Monday, August 31, 2009

Mission Accomplished

A great man once said, "If you love what you do you'll never work a day in your life." And in that sense I've been blessed. I knew, from a very early age, that I wanted to write. Through dumb luck or hard work or a likely combination of the two, I've been able to make a living as a writer.

This is surprising since I am not particularly well-read. My shameful lack of literary reference is only surpassed by my appalling ignorance of proper grammar. If you held a gun to my head I couldn't tell you the difference between a gerund and a dipthong.

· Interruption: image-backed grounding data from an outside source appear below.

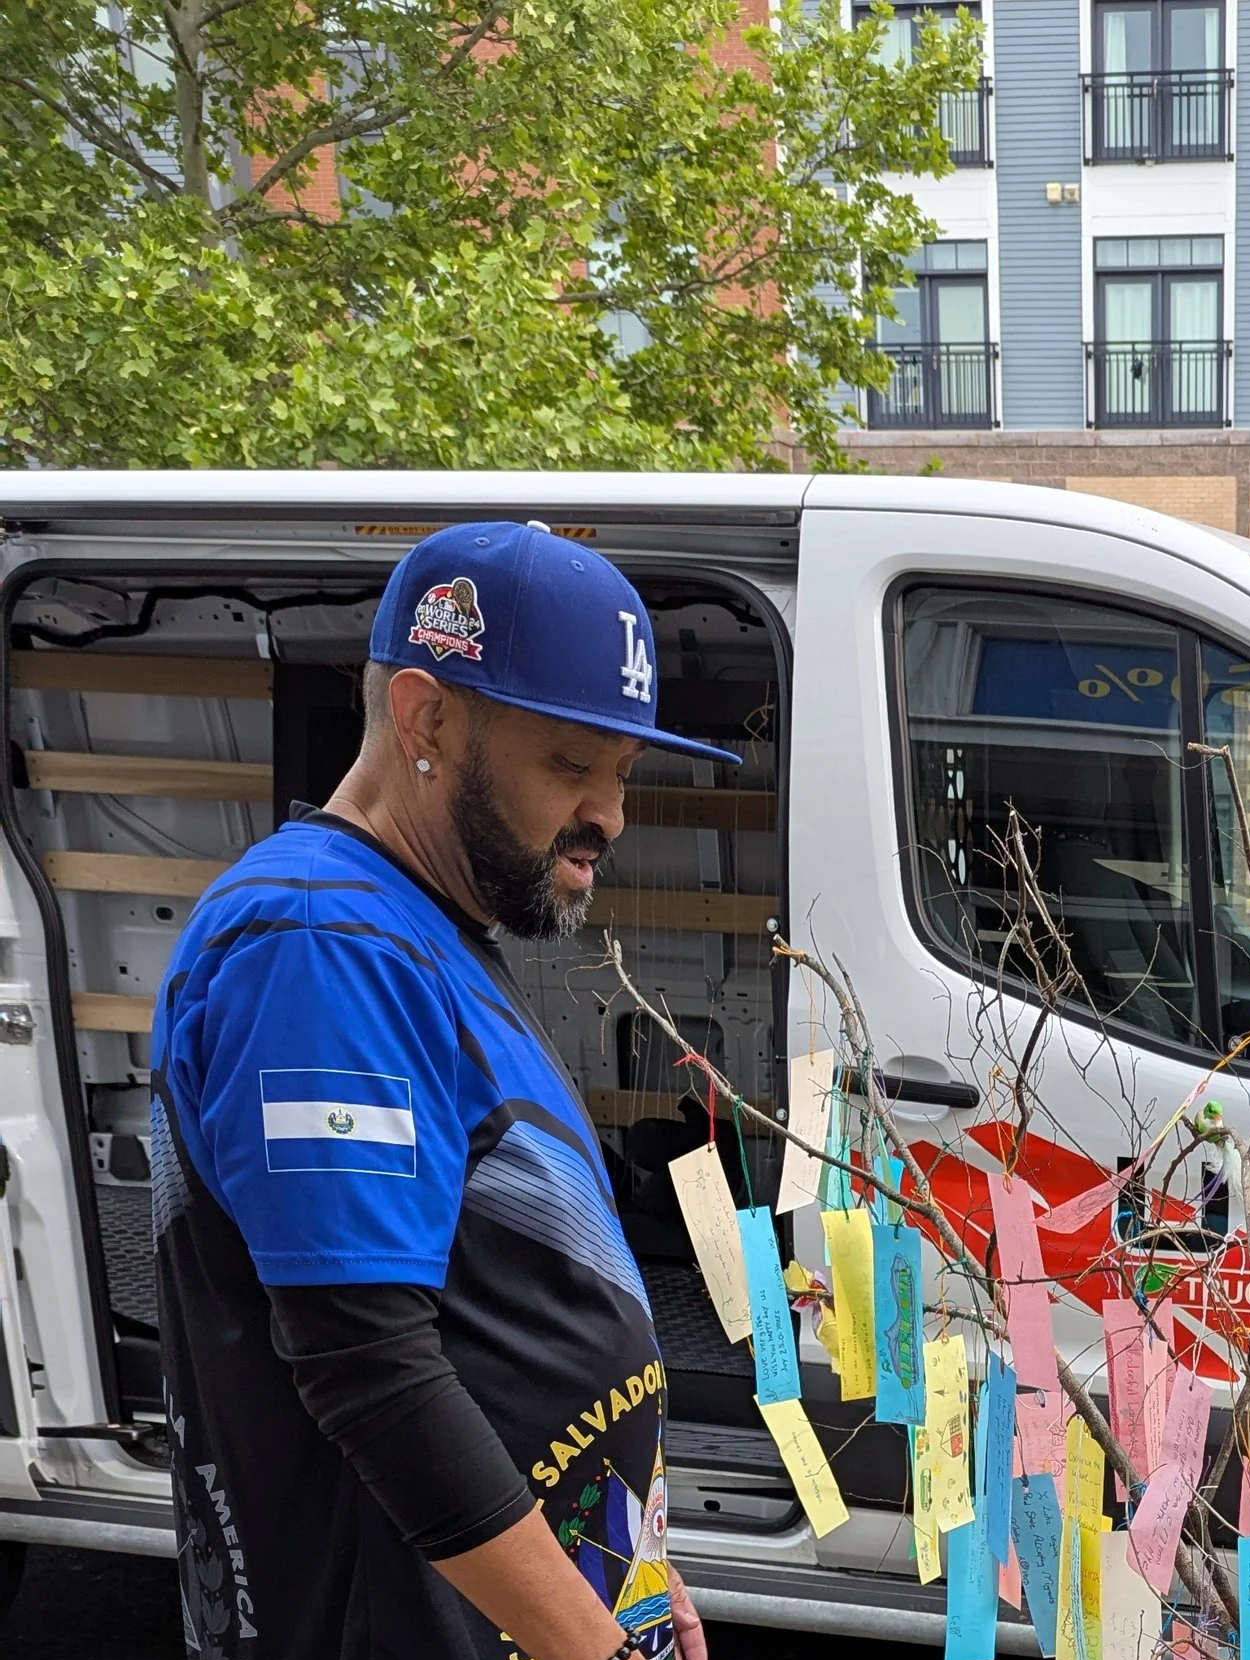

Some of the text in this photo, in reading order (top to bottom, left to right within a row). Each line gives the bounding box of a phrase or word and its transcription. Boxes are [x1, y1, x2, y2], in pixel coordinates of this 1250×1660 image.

[426, 603, 468, 625] WORLD
[423, 616, 468, 638] SERIES
[417, 629, 469, 651] CHAMPIONS
[618, 610, 652, 703] LA
[195, 1463, 258, 1639] AMERICA

And thankfully it has never come up in a business meeting.

Years ago, Rob Schwartz (Chief Creative Officer at TBWA Chiat/Day) and I teamed up and feverishly wrote spec TV scripts. We cranked out episodes of FRAZIER, COACH, The DREW CAREY SHOW, etc. Our best script was an episode of The LARRY SANDERS SHOW. The premise --Rob's gem of an idea -- was that Gary Shandling would be a guest on the Larry Sanders Show.

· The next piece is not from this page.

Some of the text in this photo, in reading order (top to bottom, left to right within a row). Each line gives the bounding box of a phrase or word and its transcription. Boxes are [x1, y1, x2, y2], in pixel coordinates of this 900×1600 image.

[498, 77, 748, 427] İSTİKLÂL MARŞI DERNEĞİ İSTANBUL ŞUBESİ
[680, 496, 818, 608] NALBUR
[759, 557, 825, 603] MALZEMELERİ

Somehow we got the script into the hands of Bill Oakley and Josh Weinstein, Executive Producers of The SIMPSONS. They loved it. Quite flattering considering they ran the funniest show on television.

Months later, they hired Rob and I to write an episode of their new animated show called MISSION HILL. I use this word "hired" lightly as I'm sure the night cleaning crew made more that week than we did.

I want to tell you the experience was a bit of writing nirvana, but it wasn't. It was an unfamiliar process that barely resembled writing. From 10 o'clock in the morning until midnight, we sat in a cramped room with 7-8 Harvard Lampoon graduates, eating cold food from Burger King and beating out line after unfunny line. A waterboarding break at 8 o'clock would have been a pleasant diversion.

Though few, if any, of our jokes got used, the episode did get produced and runs on the Cartoon Network's Adult Swim. On episode 13 titled, "Happy Birthday Douchebag", Rob and I were actually given a credit. I'm pretty sure the credit was for sticking with it as long as we did.

We remain grateful to Josh and Bill for giving us the opportunity, but writing for TV was not at all what Rob and I had dreamed of since childhood, so we returned to our careers in advertising.

There's an important lesson in all of this.

Be careful what you wish for. Because you might just get it. And don't sit in a room for extended periods of time with guys eating Whoppers and Onion Rings because once that smell gets on your clothes or in your car, no amount of Febreeze will get it out.